Ces deux approches ne sont pas mutuellement exclusives. Il existe un accord général sur le fait que les agents armés devraient toujours répondre aux crimes violents, comme un tireur actif, et que l'activité définitivement non criminelle et non violente devrait être déléguée à des institutions alternatives. Il existe également une poignée de solutions hybrides qui combinent les approches - par exemple, des modèles de collaboration entre la police et d'autres agences ou organisations à but non lucratif qui répondent conjointement à des problèmes tels que l'itinérance ou la santé mentale. Ou la "civilisation" des services de police : l'embauche de professionnels non armés sans pouvoir d'arrestation pour s'acquitter de certaines responsabilités policières, comme l'ont fait de nombreux pays européens.

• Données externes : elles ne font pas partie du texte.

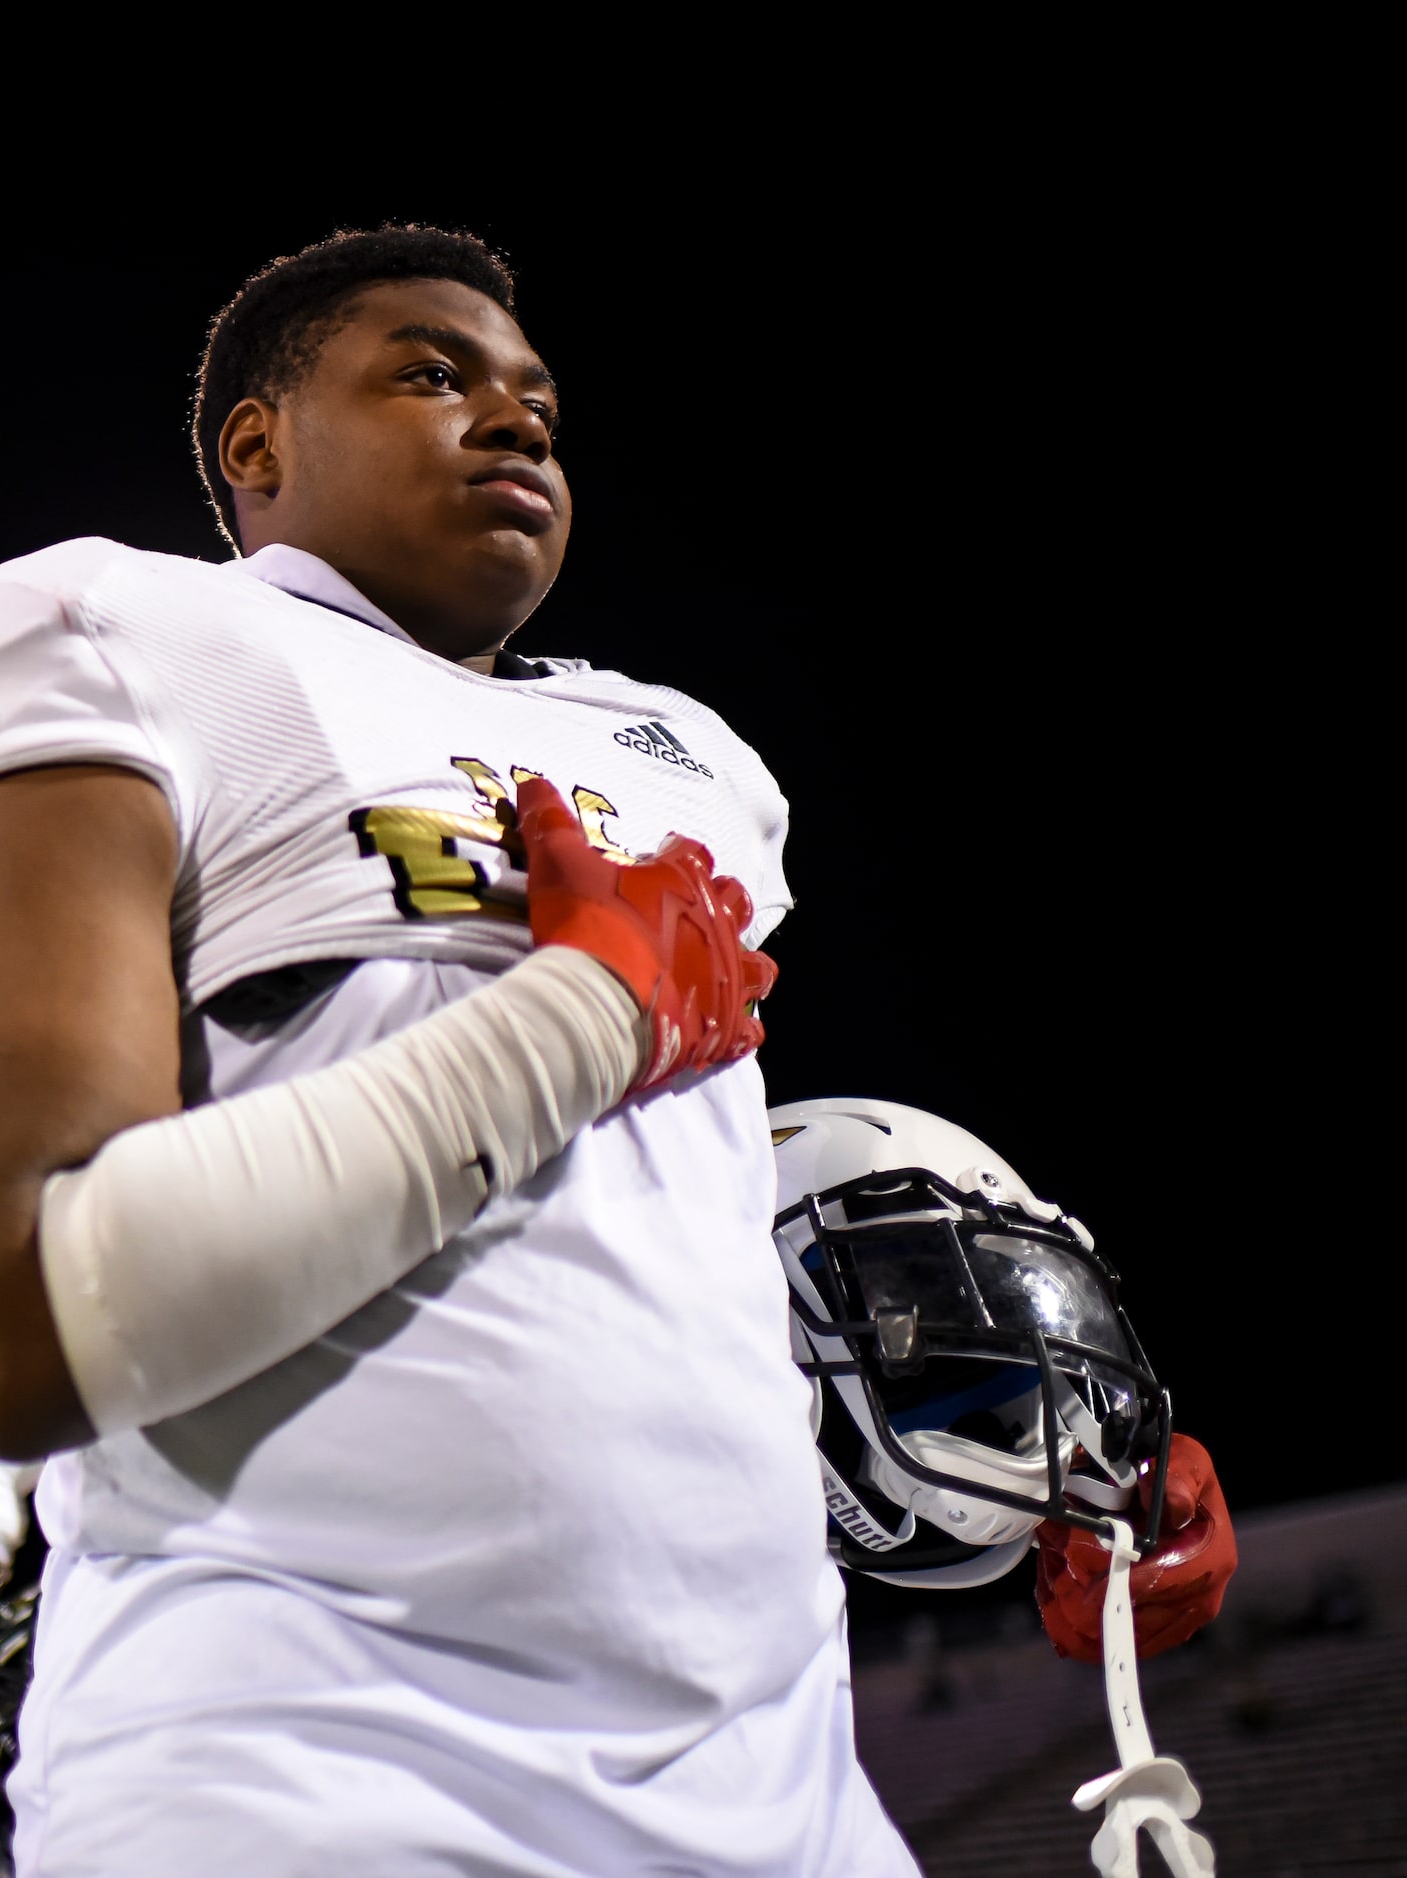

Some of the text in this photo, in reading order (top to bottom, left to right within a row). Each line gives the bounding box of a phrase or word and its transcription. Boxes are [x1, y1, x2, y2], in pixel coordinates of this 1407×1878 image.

[613, 732, 714, 780] adidas
[450, 756, 639, 866] SC
[822, 1476, 893, 1550] schutt

Mais une fois que vous entrez dans les détails, des compromis difficiles émergent. Il existe de nombreux cas où il existe une ambiguïté légitime quant à savoir si une situation va dégénérer en violence : comme lorsqu'un appelant au 911 n'est pas sûr si ce qu'il voit est un homme dans une aire de jeux avec une arme mortelle ou un jeune adolescent jouant avec un pistolet jouet, ou lorsqu'une femme aux prises avec une grave crise de santé mentale menace les autres avec un couteau. Dans des cas comme ceux-là, envoyons-nous des premiers intervenants non armés et risquons-nous de les mettre, ainsi que d'autres, en danger? Ou envoyons-nous des policiers armés et risquons-nous de recourir inutilement à la force de l'État contre des civils ?

"C'est une conversation qui doit avoir lieu avec les communautés", déclare Tracie L. Keesee, ancienne policière de Denver et cofondatrice du Center for Policing Equity. « Où voulez-vous des policiers et où ne les voulez-vous pas ? Qui préféreriez-vous voir se présenter ? Quelles qualités aimeriez-vous que vos policiers aient ? »

Réinventer le rôle que joue la police dans notre société est loin d'être anti-police. De nombreux policiers reconnaissent que notre approche unique actuelle en matière de sécurité publique est fondamentalement brisée. Ils déplorent le fait que nous demandions à la police de résoudre beaucoup trop de nos problèmes sociaux etne leur donnez pas la formation ou les ressources dont ils ont besoin pour le faire, puis pointez-les du doigtquand ils échouent inévitablement.

"La raison pour laquelle je pense que nous devons repenser la police, c'est parce que je me soucie de la police", déclare Rizer, l'ancien officier et chercheur de R Street. "Je veux rendre à nouveau la police prestigieuse - pas le prestige du pouvoir, mais le prestige du respect. Mais pour ce faire, nous devons arrêter de sous-financer tout le reste et de laisser la police tenir un sac de merde."